Saved data entries:
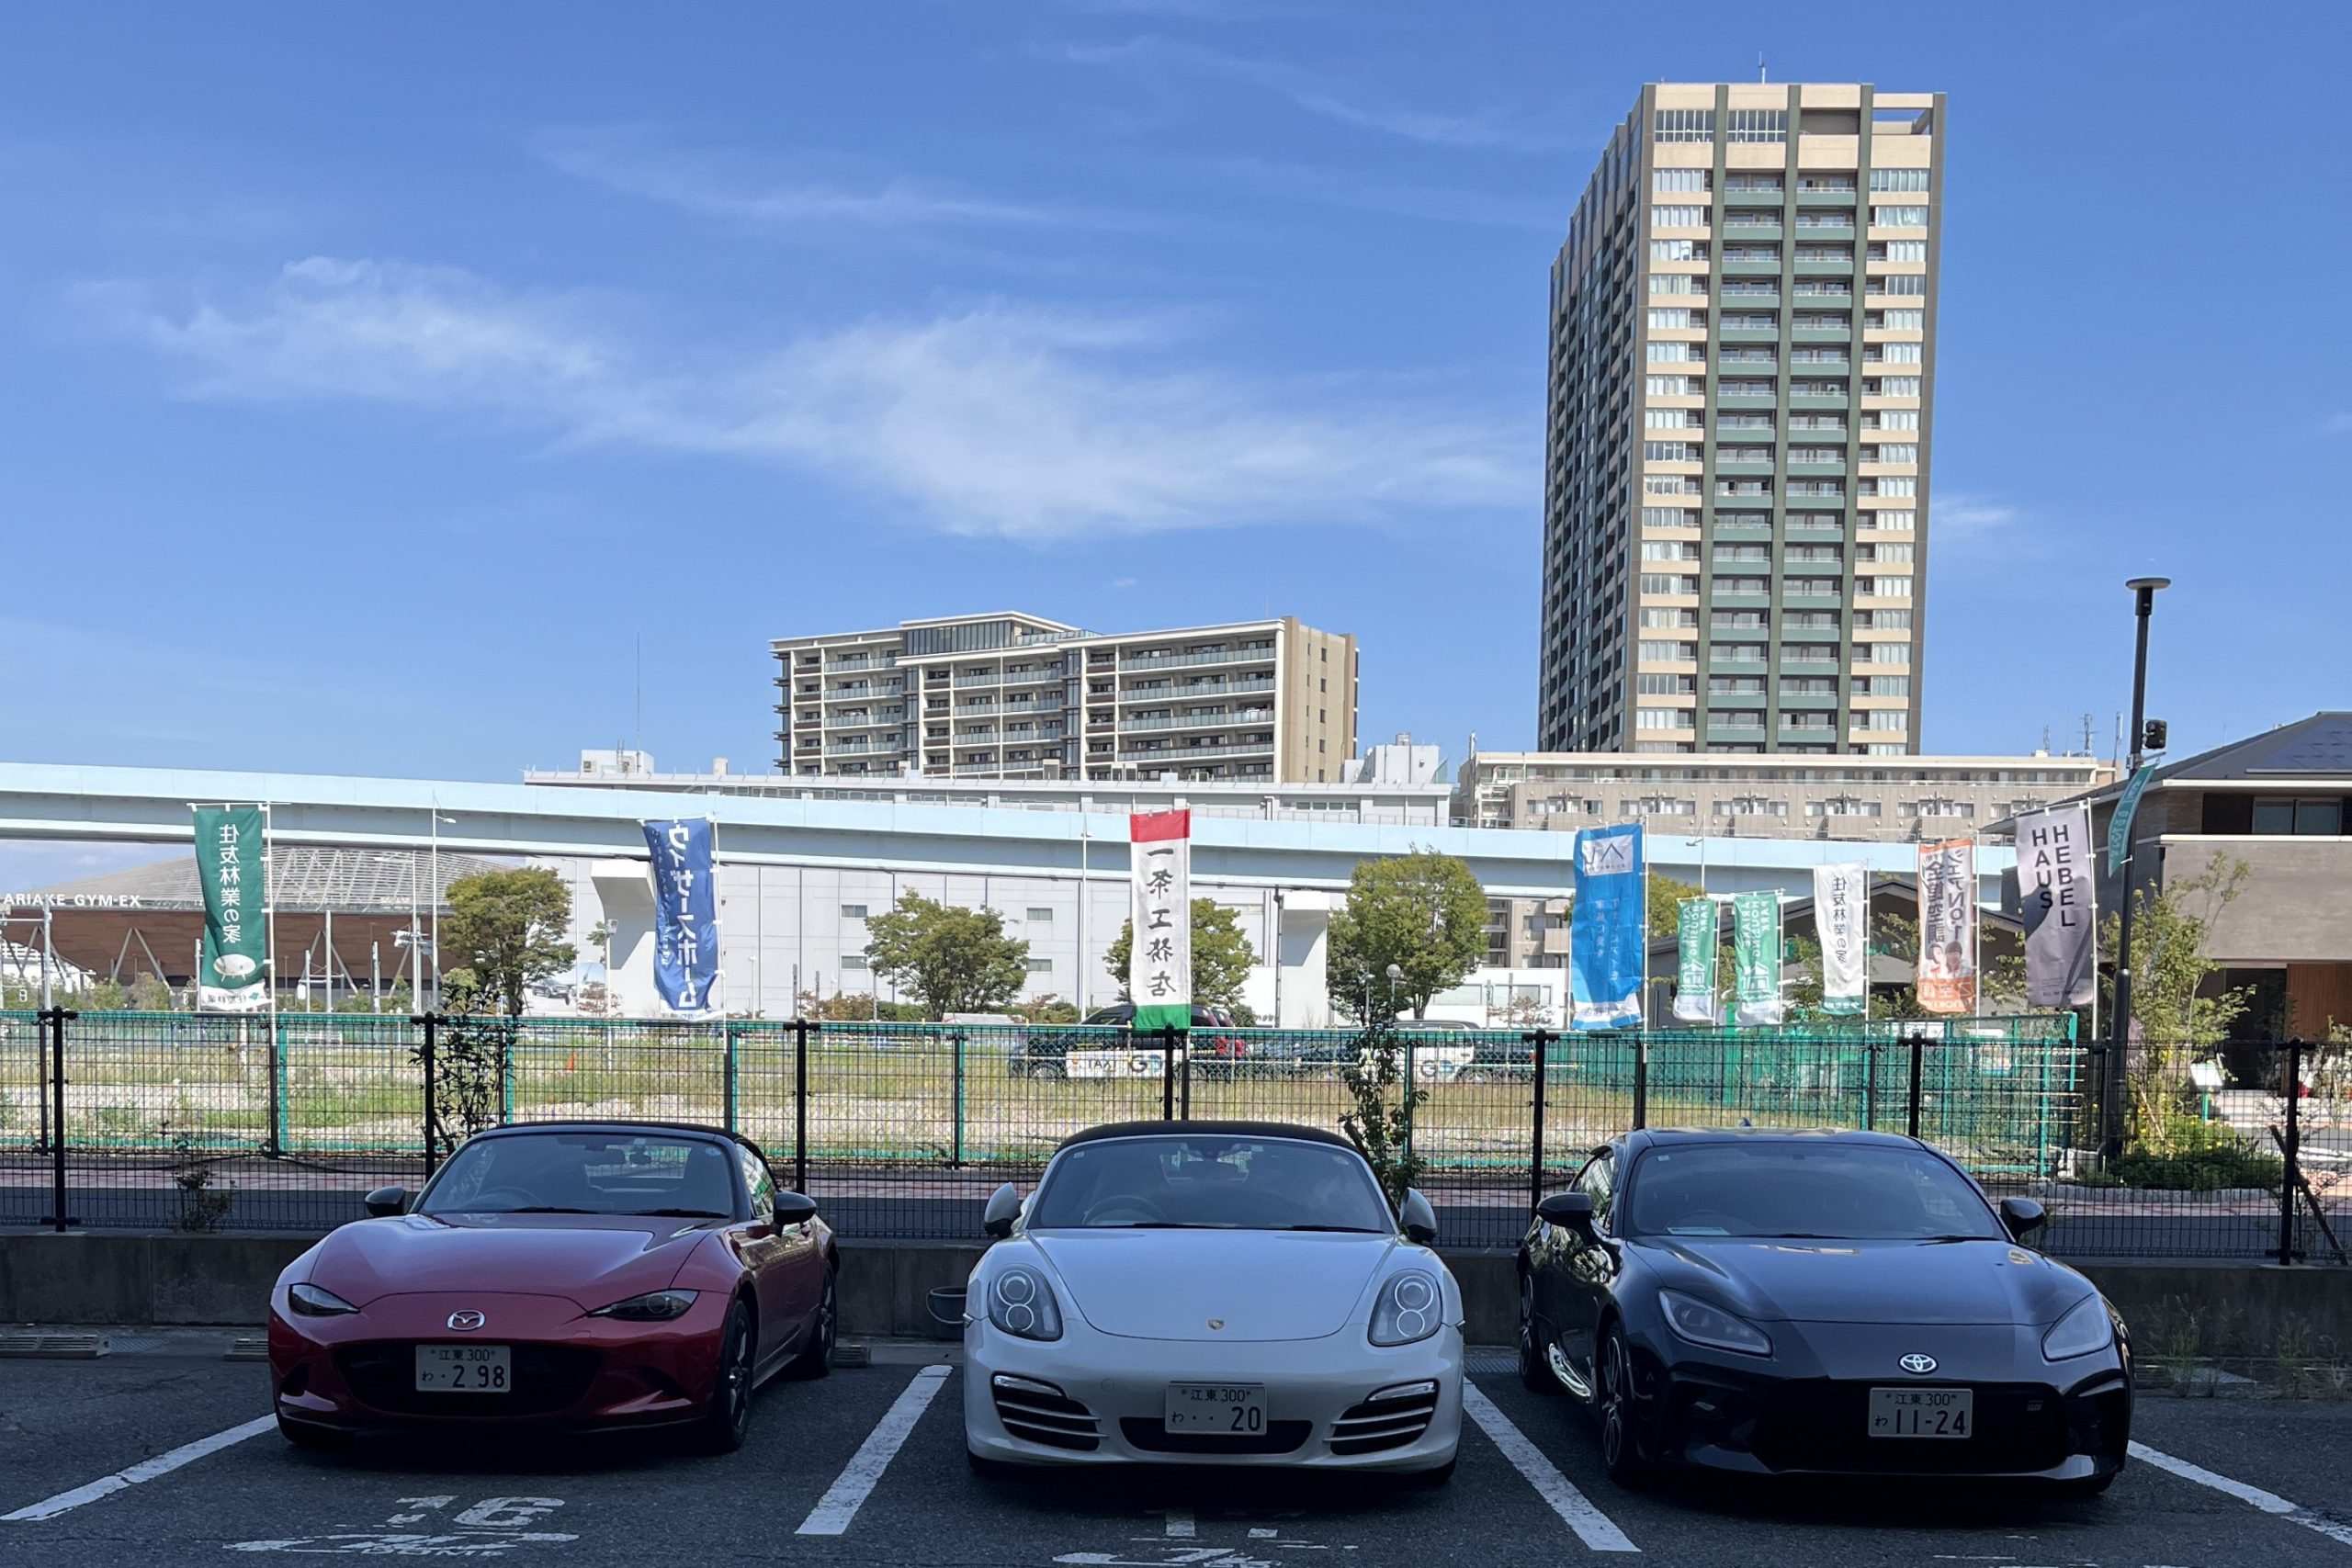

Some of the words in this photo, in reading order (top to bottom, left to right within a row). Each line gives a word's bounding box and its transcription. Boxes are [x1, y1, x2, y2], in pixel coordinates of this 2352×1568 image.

[3, 893, 66, 907] ARIAKE
[74, 894, 142, 908] GYM-EX
[2031, 828, 2053, 909] HAUS
[2052, 824, 2075, 928] HEBEL

Requirement = Retype the data above exactly, dropping every picture.

Reply to the exercise =
Some of the words in this photo, in reading order (top to bottom, left to right within a row). Each line gives a word's bounding box and its transcription. Boxes are [x1, y1, x2, y2], in pixel coordinates of this 2352×1568 image.

[3, 893, 66, 907] ARIAKE
[74, 894, 142, 908] GYM-EX
[2031, 828, 2053, 909] HAUS
[2052, 824, 2075, 928] HEBEL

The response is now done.